*What you will do*. Copy every entry word for word. Skip the pictures.

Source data
---*---
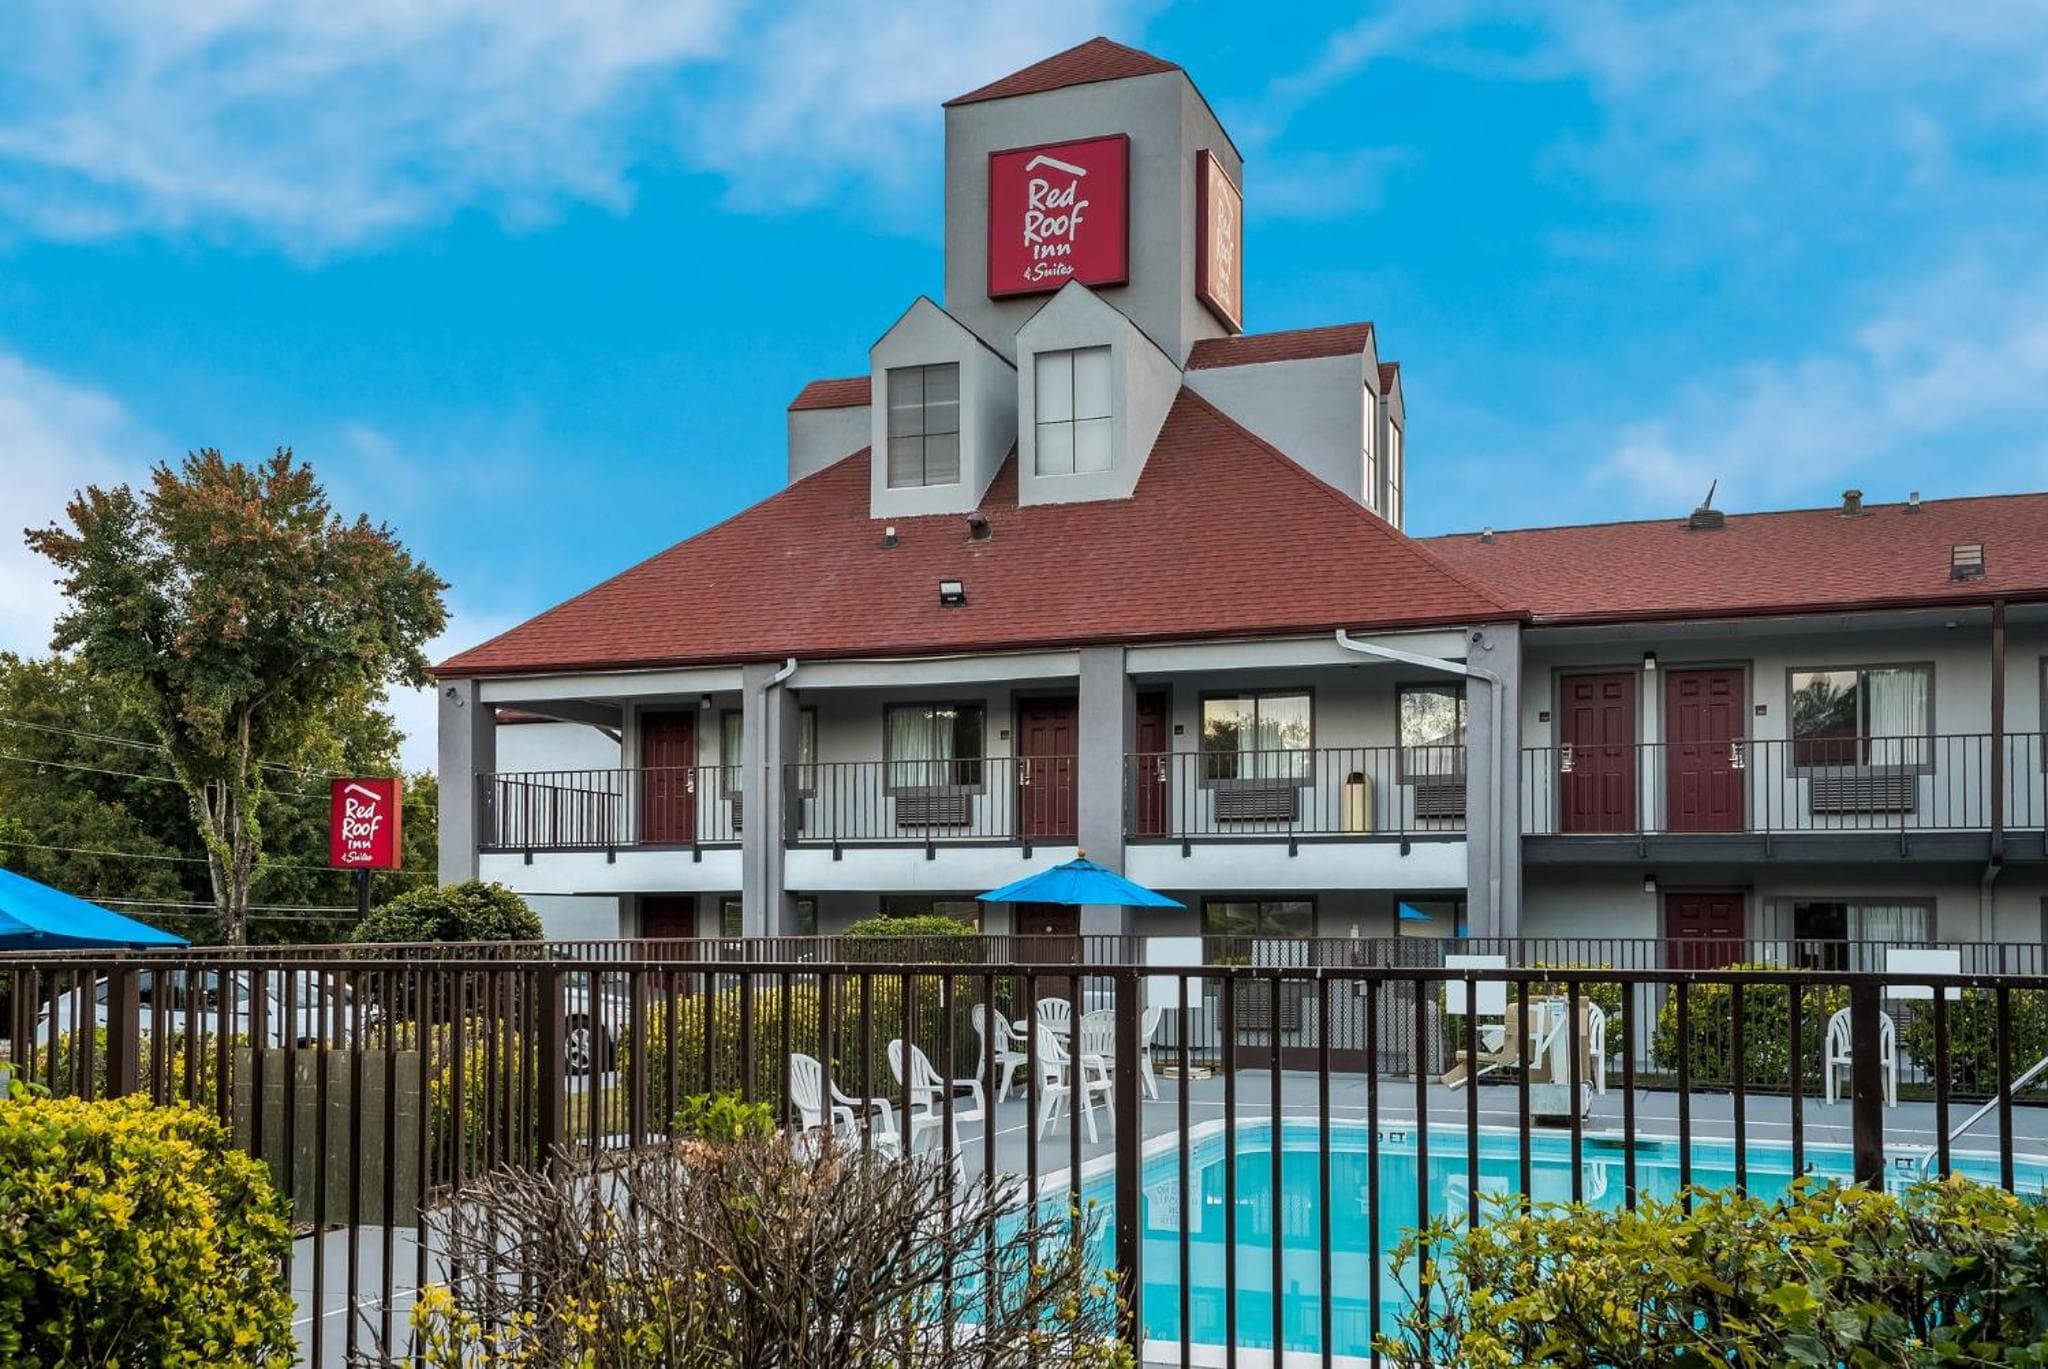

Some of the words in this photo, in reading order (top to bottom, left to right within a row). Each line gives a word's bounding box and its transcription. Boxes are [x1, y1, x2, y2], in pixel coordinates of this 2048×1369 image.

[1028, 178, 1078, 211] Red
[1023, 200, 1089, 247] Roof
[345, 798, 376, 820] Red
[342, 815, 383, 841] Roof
---*---
*Your response*.
Some of the words in this photo, in reading order (top to bottom, left to right within a row). Each line gives a word's bounding box and its transcription. Boxes are [x1, y1, x2, y2], in pixel coordinates of this 2048×1369 image.

[1028, 178, 1078, 211] Red
[1023, 200, 1089, 247] Roof
[345, 798, 376, 820] Red
[342, 815, 383, 841] Roof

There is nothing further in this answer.